The 2010 Championship League Darts was the third edition of a darts competition — the Championship League Darts. The competition is organized and held by the Professional Darts Corporation, with the 2010 edition having a maximum prize fund of £189,000.

The format of the tournament is similar to the Premier League Darts tournament, also organized by the PDC, except it is contested by a larger pool of players who are split up into a number of groups.

Every match could be watched on one of the ten bookmaker websites who broadcast the competition. The tournament was available globally through the internet, except in the United States of America where it cannot be shown for legal reasons.

Format
The first group consisted of the top eight players from the PDC Order of Merit who were available for the competition. These eight players played each other over the course of a day, receiving two points for each win. All matches were contested over a maximum of 11 legs with a player winning the match on reaching 6 legs. After all players had played each other, the four players with the most points progressed to the semi-finals with the winners of those matches progressing into the final.

The winner of the final progressed to the winners group which took place at the end of the competition.
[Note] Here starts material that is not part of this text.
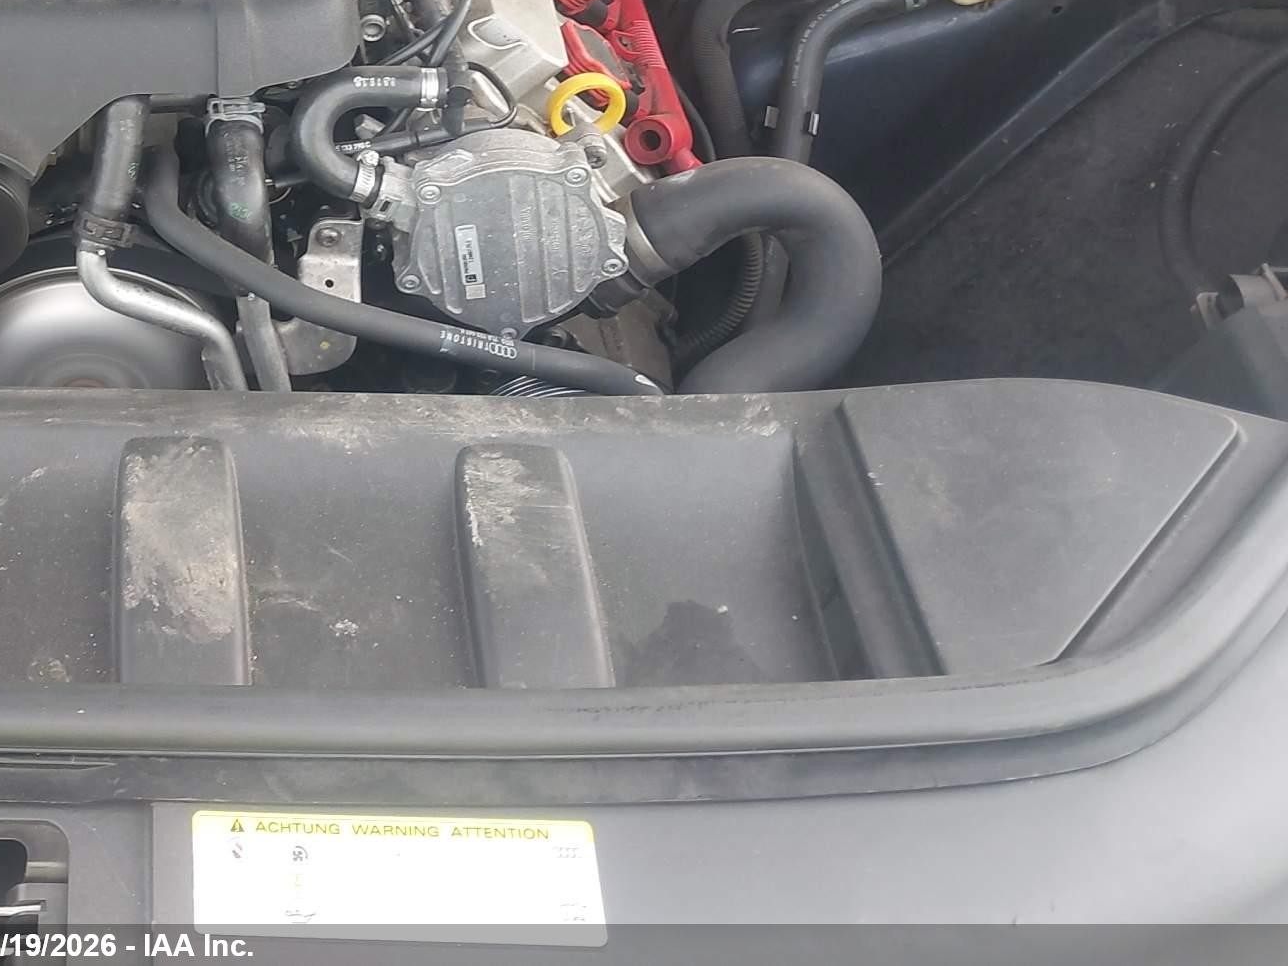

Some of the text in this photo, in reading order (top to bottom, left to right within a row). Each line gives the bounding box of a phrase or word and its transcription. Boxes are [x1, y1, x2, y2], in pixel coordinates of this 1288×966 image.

The runner-up, losing semi-finalists and the players finishing fifth and sixth moved into group two, where they were joined by the next three players in the Order of Merit. The format of the second group was the same as the first group with players moving into the third group. In total there were 8 groups before the final group took place.

This format ensures that all players who do not win the group or finish in the last two positions have another chance to qualify for the winners group.

Qualification
Players must have been in the top 29 places in the PDC Order of Merit following the 2010 World Matchplay in order to qualify. The top 31 places were used due to Mervyn King and Raymond van Barneveld withdrawing from the tournament through injury.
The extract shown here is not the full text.